● **REQUIRED WORK**
Take the line that contains "this 1500×1000 image." as the first line and the last line of the material below as the final one; reproduce exactly the lines between, inclusive.

● **RECORDS SUPPLIED**

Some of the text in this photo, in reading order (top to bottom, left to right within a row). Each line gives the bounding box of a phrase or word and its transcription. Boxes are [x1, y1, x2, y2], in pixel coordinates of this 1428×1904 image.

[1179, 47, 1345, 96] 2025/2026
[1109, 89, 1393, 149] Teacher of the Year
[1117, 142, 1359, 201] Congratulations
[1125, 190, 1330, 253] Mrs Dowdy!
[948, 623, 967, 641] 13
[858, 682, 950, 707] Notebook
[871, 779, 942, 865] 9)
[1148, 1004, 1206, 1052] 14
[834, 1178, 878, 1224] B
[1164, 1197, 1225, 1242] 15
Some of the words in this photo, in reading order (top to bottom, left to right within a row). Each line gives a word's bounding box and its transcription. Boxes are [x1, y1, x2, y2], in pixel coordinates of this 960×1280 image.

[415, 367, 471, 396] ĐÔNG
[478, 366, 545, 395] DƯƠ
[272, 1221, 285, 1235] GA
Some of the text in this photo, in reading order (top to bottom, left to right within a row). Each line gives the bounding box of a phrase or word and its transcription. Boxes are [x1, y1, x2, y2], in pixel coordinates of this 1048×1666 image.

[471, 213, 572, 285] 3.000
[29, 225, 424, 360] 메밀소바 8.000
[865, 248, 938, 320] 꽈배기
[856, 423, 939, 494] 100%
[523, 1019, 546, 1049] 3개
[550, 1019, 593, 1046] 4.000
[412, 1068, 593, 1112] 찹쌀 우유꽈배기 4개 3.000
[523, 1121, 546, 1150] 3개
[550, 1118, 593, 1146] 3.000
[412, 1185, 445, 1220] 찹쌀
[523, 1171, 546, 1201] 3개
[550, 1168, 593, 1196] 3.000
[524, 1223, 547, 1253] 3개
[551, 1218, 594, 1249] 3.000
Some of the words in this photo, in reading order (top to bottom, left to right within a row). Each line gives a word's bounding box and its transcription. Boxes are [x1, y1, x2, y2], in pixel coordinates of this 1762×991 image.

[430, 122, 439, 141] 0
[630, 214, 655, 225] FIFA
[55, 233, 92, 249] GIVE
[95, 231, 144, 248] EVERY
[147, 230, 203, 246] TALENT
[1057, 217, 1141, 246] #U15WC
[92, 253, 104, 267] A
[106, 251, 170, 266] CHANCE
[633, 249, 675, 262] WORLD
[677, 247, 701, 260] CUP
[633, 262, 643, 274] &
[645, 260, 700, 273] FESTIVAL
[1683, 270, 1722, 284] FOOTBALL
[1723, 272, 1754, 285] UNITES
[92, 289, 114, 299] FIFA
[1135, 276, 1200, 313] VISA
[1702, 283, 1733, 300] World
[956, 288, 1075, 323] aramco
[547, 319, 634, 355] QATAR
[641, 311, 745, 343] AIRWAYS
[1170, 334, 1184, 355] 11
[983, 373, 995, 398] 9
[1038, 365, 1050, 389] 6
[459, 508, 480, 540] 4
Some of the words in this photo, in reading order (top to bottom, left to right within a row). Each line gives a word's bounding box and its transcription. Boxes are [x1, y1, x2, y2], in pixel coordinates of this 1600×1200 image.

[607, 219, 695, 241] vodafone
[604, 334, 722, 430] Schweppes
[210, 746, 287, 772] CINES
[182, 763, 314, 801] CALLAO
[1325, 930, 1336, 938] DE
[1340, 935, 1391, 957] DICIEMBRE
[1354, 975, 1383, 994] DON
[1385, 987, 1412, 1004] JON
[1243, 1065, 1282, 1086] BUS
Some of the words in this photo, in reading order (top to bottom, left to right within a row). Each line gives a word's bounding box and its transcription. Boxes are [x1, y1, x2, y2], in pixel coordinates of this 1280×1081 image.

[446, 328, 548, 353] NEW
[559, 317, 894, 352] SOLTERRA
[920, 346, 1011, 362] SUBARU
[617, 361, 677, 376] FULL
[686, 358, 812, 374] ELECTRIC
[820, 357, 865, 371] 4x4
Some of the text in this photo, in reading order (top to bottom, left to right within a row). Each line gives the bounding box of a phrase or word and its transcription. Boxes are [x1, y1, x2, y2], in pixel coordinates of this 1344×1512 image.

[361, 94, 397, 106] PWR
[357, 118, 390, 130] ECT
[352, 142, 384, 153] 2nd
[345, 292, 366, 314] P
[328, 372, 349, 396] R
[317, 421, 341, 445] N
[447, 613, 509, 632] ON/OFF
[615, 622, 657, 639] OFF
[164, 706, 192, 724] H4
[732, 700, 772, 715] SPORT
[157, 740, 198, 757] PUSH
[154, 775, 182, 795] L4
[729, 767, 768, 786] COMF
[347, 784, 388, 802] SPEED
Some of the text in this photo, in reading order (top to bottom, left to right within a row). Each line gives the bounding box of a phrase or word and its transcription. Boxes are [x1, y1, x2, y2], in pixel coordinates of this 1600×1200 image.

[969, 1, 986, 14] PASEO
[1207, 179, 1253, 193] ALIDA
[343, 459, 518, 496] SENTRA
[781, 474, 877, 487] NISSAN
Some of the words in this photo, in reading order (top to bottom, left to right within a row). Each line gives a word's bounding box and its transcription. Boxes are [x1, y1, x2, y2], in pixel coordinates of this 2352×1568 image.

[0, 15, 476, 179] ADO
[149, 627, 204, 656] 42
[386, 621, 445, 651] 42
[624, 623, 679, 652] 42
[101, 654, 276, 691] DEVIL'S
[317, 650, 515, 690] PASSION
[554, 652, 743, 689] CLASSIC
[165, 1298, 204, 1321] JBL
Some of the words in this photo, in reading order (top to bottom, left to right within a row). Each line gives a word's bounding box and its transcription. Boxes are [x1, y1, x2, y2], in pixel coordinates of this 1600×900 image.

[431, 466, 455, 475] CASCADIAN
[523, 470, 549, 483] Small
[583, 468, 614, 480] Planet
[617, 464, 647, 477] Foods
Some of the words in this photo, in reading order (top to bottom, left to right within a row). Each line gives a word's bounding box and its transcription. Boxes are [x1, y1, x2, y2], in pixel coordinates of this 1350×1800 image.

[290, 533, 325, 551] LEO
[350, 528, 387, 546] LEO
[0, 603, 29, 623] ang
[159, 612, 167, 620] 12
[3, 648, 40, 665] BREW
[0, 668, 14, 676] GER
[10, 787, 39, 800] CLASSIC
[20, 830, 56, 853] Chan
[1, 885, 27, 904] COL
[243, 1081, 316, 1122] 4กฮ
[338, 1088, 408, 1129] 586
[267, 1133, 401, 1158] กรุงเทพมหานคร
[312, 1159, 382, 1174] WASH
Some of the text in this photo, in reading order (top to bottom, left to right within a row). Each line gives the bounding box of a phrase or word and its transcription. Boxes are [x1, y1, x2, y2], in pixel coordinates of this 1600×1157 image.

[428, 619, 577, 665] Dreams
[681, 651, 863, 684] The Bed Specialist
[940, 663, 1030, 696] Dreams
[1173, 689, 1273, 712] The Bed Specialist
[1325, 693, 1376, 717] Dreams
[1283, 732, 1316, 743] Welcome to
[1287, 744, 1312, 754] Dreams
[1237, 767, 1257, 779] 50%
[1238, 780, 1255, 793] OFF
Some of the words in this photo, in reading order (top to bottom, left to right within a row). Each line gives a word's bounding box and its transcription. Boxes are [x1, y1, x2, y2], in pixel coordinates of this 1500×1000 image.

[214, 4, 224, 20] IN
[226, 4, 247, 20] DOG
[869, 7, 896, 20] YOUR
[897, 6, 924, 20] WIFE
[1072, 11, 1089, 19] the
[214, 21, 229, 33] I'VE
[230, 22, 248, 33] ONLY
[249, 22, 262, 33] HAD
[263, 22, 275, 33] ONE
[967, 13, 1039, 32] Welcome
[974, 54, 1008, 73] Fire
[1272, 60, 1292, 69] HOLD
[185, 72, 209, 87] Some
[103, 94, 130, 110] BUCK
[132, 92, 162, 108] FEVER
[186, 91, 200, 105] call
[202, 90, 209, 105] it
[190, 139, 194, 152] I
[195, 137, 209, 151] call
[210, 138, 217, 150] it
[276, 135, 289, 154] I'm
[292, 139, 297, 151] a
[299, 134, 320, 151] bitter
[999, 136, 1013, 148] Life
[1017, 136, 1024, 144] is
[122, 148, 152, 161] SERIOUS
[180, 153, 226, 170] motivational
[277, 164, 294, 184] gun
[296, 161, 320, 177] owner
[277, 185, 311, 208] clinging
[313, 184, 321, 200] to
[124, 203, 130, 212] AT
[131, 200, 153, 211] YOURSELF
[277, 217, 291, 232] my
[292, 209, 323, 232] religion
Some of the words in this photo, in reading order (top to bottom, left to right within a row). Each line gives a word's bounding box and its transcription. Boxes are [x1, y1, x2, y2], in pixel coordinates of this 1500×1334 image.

● **FINAL ANSWER**
Some of the words in this photo, in reading order (top to bottom, left to right within a row). Each line gives a word's bounding box and its transcription. Boxes are [x1, y1, x2, y2], in pixel coordinates of this 1500×1000 image.

[214, 4, 224, 20] IN
[226, 4, 247, 20] DOG
[869, 7, 896, 20] YOUR
[897, 6, 924, 20] WIFE
[1072, 11, 1089, 19] the
[214, 21, 229, 33] I'VE
[230, 22, 248, 33] ONLY
[249, 22, 262, 33] HAD
[263, 22, 275, 33] ONE
[967, 13, 1039, 32] Welcome
[974, 54, 1008, 73] Fire
[1272, 60, 1292, 69] HOLD
[185, 72, 209, 87] Some
[103, 94, 130, 110] BUCK
[132, 92, 162, 108] FEVER
[186, 91, 200, 105] call
[202, 90, 209, 105] it
[190, 139, 194, 152] I
[195, 137, 209, 151] call
[210, 138, 217, 150] it
[276, 135, 289, 154] I'm
[292, 139, 297, 151] a
[299, 134, 320, 151] bitter
[999, 136, 1013, 148] Life
[1017, 136, 1024, 144] is
[122, 148, 152, 161] SERIOUS
[180, 153, 226, 170] motivational
[277, 164, 294, 184] gun
[296, 161, 320, 177] owner
[277, 185, 311, 208] clinging
[313, 184, 321, 200] to
[124, 203, 130, 212] AT
[131, 200, 153, 211] YOURSELF
[277, 217, 291, 232] my
[292, 209, 323, 232] religion
Some of the words in this photo, in reading order (top to bottom, left to right within a row). Each line gives a word's bounding box and its transcription. Boxes are [x1, y1, x2, y2], in pixel coordinates of this 1500×1334 image.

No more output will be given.